Concerns about the administration of schools and school boards

  • Those who are governing education do not have the expertise. They tend to be older and do not care as much about the educational systems. 
  • Voters keep electing people to school boards who should not be elected.
  • School boards have become too politicized.
  • To be a school board member is a stressful job. (E.g., lots of pressure to figure out how to best use the pandemic resources and stay up-to-date on scientific developments so that we keep children safe and healthy).

What are some possibilities for improving the connections and health of education, truth, and democracy?
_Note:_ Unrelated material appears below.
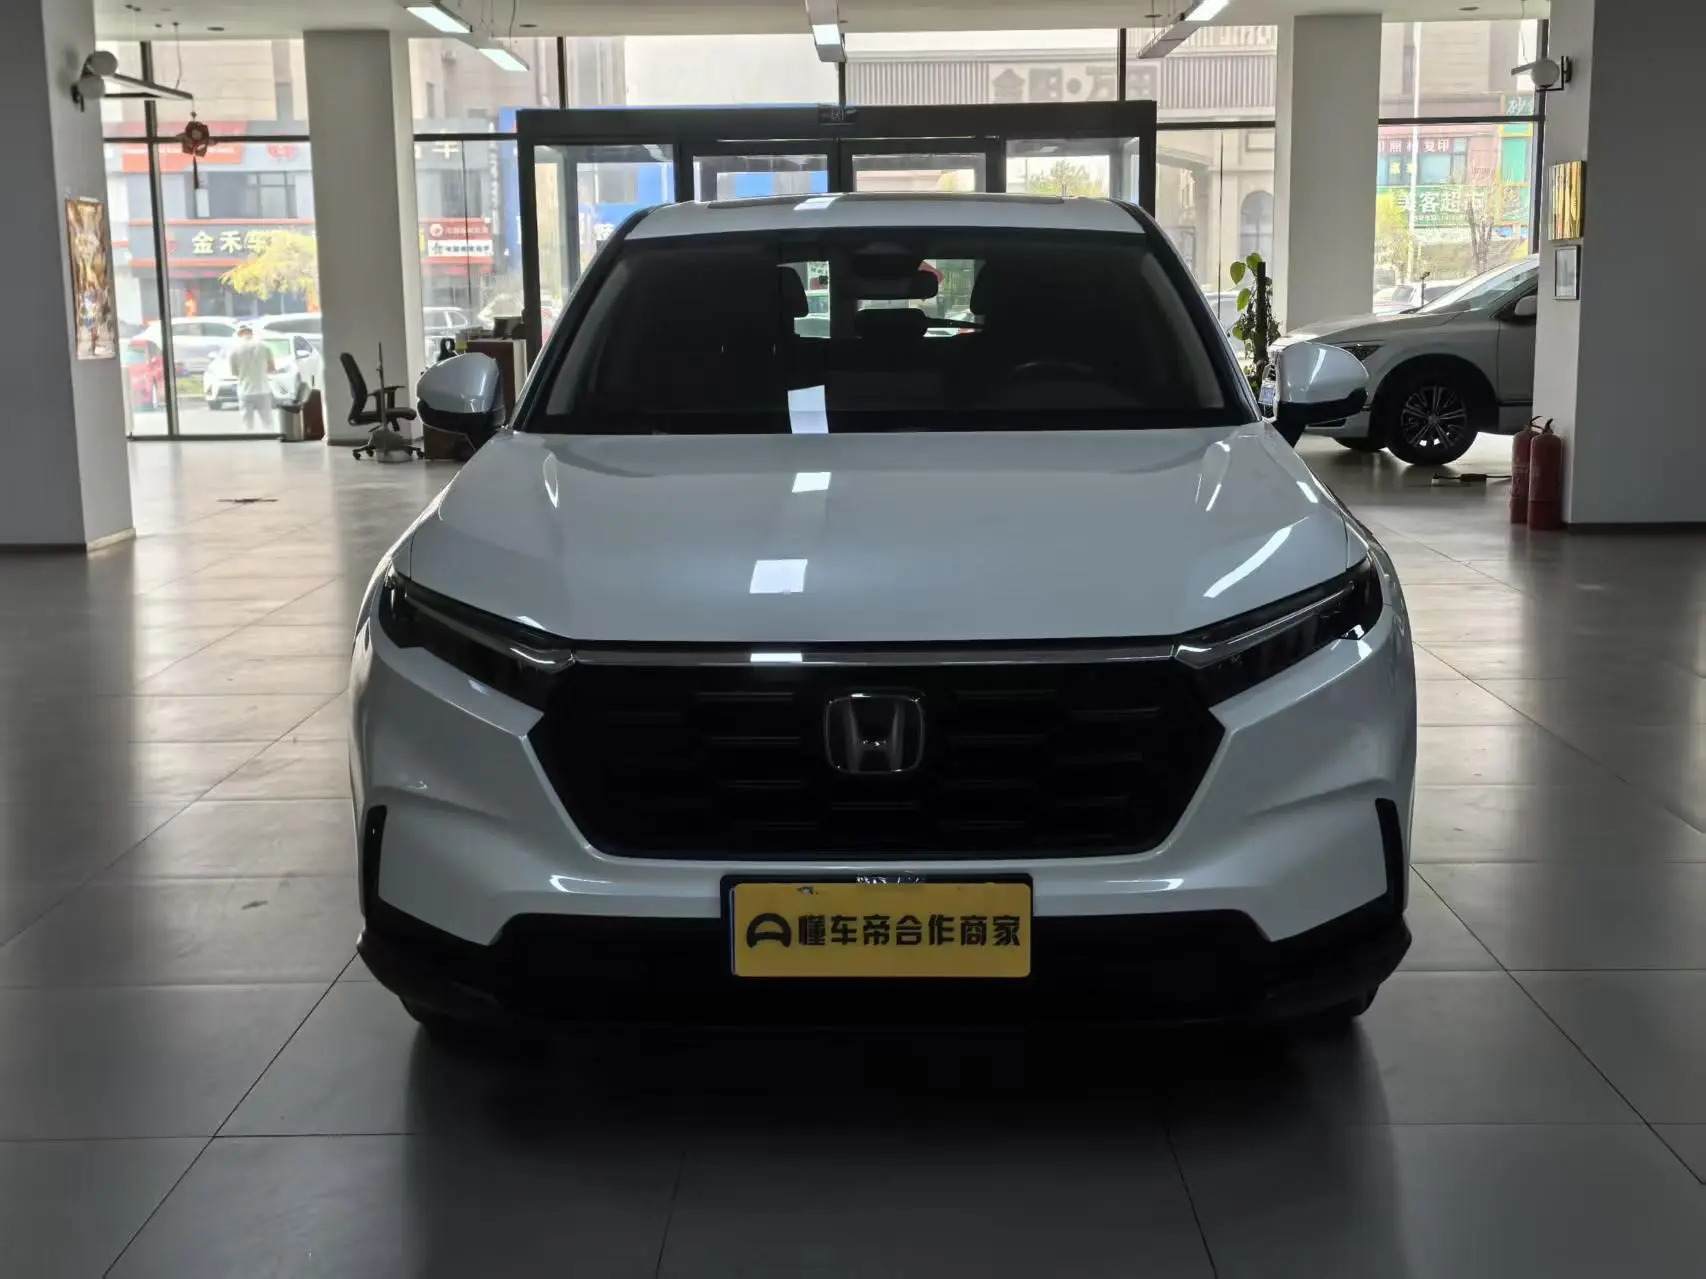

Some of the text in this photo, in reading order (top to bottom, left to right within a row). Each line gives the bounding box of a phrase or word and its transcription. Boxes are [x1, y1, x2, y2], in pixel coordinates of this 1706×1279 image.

[798, 914, 1021, 946] 懂车帝合作商家
  • Reshape the education to be more holistic, i.e., to take account of the mind and the body and deal with physical, mental, emotional health.
  • Broaden the concept of education beyond K-12 schooling and embrace lifelong learning.
  • Reform the education system to help all citizens better discern and respond to questions, such as: 
    • What is in the common good? 
    • What do citizens really want/need in order to live together?
    • What “shared experiences” do we want us all to have? How can we better “come together”?
    • How can we focus on and grow the “humanness” of all citizens?
    • How can we come together in dissent and in dialogue?
  • Educate voters:  citizens need to be better informed since they vote, protest, and engage in other ways.
  • Enact higher standards around voting and elections to help escape the “hidden markets of manipulation” that the current power structure imposes. How? 
    • Strengthen protections against voter manipulation–e.g., keep partisan advocates farther away from the voting process
    • Provide better, vetted information for voters
    • Have different requirements to be eligible to vote? And, how would we decide on them? 
  • Practice being citizens by engaging in project-based learning and being culturally respective.
  • Consider what is happening internationally – the willingness, the courage of citizens to push back and challenge authority and authoritarianism.
  • Regulate and limit campaign contributions so we can have better elections and vote for better people to serve our schools.
  • Beware that technology is like fire – it can warm or burn us.
  • Value all sorts of education, especially with higher education. Eliminate the stigma for trade schools, community colleges, etc.
  • Invest more in education at all levels, so that it is accessible and will break the generational poverty 
  • Consider multiple and different ways to improve education institutions and their norms: 
    • Democratize schools; change teaching methods to reflect societal needs 
    • Deepen the parent-teacher relationship
    • Involve parents more to reinforce learning
    • Reshape the education process to foster and sustain the inborn curiosity that children have – instead of beating it out of them–and create democratic citizens who are intellectually curious for their whole lives in order to foster lifelong learning
    • Embrace alternative learning pedagogy that is narrative based and embraces multiple and competing narratives about history; we have to educate more honestly about our histories to improve how we operate in society.